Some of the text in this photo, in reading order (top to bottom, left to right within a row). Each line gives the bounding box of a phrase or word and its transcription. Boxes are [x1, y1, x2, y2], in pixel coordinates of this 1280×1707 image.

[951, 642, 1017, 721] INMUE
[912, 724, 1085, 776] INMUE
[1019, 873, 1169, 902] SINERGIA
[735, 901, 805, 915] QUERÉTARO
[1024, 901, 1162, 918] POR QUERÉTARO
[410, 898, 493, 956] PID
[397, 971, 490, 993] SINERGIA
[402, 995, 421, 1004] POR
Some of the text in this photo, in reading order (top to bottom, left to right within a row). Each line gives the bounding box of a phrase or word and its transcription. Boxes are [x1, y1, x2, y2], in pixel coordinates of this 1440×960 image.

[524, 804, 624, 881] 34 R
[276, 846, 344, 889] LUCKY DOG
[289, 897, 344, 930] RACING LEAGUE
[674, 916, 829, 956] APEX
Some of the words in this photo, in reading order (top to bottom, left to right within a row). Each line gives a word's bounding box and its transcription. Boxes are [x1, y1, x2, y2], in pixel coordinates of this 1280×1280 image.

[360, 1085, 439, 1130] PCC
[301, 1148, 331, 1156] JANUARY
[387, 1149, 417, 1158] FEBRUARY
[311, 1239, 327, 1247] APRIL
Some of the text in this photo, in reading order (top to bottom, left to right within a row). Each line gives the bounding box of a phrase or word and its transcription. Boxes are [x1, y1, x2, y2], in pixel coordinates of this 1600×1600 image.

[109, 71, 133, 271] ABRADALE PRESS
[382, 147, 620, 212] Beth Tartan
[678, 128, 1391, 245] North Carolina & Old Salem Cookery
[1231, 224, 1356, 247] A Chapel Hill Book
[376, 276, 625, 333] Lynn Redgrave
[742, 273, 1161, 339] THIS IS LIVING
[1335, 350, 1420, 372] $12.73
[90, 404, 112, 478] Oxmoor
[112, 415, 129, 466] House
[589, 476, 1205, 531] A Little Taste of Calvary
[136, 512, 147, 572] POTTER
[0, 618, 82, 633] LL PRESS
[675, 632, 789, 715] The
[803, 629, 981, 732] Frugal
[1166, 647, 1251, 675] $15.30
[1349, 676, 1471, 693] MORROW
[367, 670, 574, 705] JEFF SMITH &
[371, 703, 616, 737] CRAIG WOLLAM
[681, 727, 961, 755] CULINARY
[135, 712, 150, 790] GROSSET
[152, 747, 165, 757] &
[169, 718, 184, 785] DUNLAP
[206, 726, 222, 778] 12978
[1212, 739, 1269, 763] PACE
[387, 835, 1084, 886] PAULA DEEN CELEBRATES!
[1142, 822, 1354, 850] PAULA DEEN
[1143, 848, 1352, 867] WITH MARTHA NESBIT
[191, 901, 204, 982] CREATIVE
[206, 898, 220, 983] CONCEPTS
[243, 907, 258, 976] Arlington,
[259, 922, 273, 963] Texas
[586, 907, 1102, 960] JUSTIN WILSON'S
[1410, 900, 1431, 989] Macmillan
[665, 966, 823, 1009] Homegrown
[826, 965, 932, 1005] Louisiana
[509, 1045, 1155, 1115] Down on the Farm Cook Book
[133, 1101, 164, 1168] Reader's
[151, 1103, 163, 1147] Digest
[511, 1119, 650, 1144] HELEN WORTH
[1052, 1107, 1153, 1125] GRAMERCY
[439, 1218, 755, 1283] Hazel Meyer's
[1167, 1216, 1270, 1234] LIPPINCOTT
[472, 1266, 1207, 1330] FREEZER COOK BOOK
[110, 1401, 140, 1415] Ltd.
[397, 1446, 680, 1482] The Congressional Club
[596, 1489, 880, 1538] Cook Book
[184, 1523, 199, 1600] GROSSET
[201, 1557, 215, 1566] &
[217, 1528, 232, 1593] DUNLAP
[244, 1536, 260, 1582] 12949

» **Requirement**
Transcribe all entries word for word.

» **Answer to the exercise**
Some of the text in this photo, in reading order (top to bottom, left to right within a row). Each line gives the bounding box of a phrase or word and its transcription. Boxes are [x1, y1, x2, y2], in pixel coordinates of this 1280×1707 image.

[951, 642, 1017, 721] INMUE
[912, 724, 1085, 776] INMUE
[1019, 873, 1169, 902] SINERGIA
[735, 901, 805, 915] QUERÉTARO
[1024, 901, 1162, 918] POR QUERÉTARO
[410, 898, 493, 956] PID
[397, 971, 490, 993] SINERGIA
[402, 995, 421, 1004] POR
Some of the text in this photo, in reading order (top to bottom, left to right within a row). Each line gives the bounding box of a phrase or word and its transcription. Boxes are [x1, y1, x2, y2], in pixel coordinates of this 1440×960 image.

[524, 804, 624, 881] 34 R
[276, 846, 344, 889] LUCKY DOG
[289, 897, 344, 930] RACING LEAGUE
[674, 916, 829, 956] APEX
Some of the words in this photo, in reading order (top to bottom, left to right within a row). Each line gives a word's bounding box and its transcription. Boxes are [x1, y1, x2, y2], in pixel coordinates of this 1280×1280 image.

[360, 1085, 439, 1130] PCC
[301, 1148, 331, 1156] JANUARY
[387, 1149, 417, 1158] FEBRUARY
[311, 1239, 327, 1247] APRIL
Some of the text in this photo, in reading order (top to bottom, left to right within a row). Each line gives the bounding box of a phrase or word and its transcription. Boxes are [x1, y1, x2, y2], in pixel coordinates of this 1600×1600 image.

[109, 71, 133, 271] ABRADALE PRESS
[382, 147, 620, 212] Beth Tartan
[678, 128, 1391, 245] North Carolina & Old Salem Cookery
[1231, 224, 1356, 247] A Chapel Hill Book
[376, 276, 625, 333] Lynn Redgrave
[742, 273, 1161, 339] THIS IS LIVING
[1335, 350, 1420, 372] $12.73
[90, 404, 112, 478] Oxmoor
[112, 415, 129, 466] House
[589, 476, 1205, 531] A Little Taste of Calvary
[136, 512, 147, 572] POTTER
[0, 618, 82, 633] LL PRESS
[675, 632, 789, 715] The
[803, 629, 981, 732] Frugal
[1166, 647, 1251, 675] $15.30
[1349, 676, 1471, 693] MORROW
[367, 670, 574, 705] JEFF SMITH &
[371, 703, 616, 737] CRAIG WOLLAM
[681, 727, 961, 755] CULINARY
[135, 712, 150, 790] GROSSET
[152, 747, 165, 757] &
[169, 718, 184, 785] DUNLAP
[206, 726, 222, 778] 12978
[1212, 739, 1269, 763] PACE
[387, 835, 1084, 886] PAULA DEEN CELEBRATES!
[1142, 822, 1354, 850] PAULA DEEN
[1143, 848, 1352, 867] WITH MARTHA NESBIT
[191, 901, 204, 982] CREATIVE
[206, 898, 220, 983] CONCEPTS
[243, 907, 258, 976] Arlington,
[259, 922, 273, 963] Texas
[586, 907, 1102, 960] JUSTIN WILSON'S
[1410, 900, 1431, 989] Macmillan
[665, 966, 823, 1009] Homegrown
[826, 965, 932, 1005] Louisiana
[509, 1045, 1155, 1115] Down on the Farm Cook Book
[133, 1101, 164, 1168] Reader's
[151, 1103, 163, 1147] Digest
[511, 1119, 650, 1144] HELEN WORTH
[1052, 1107, 1153, 1125] GRAMERCY
[439, 1218, 755, 1283] Hazel Meyer's
[1167, 1216, 1270, 1234] LIPPINCOTT
[472, 1266, 1207, 1330] FREEZER COOK BOOK
[110, 1401, 140, 1415] Ltd.
[397, 1446, 680, 1482] The Congressional Club
[596, 1489, 880, 1538] Cook Book
[184, 1523, 199, 1600] GROSSET
[201, 1557, 215, 1566] &
[217, 1528, 232, 1593] DUNLAP
[244, 1536, 260, 1582] 12949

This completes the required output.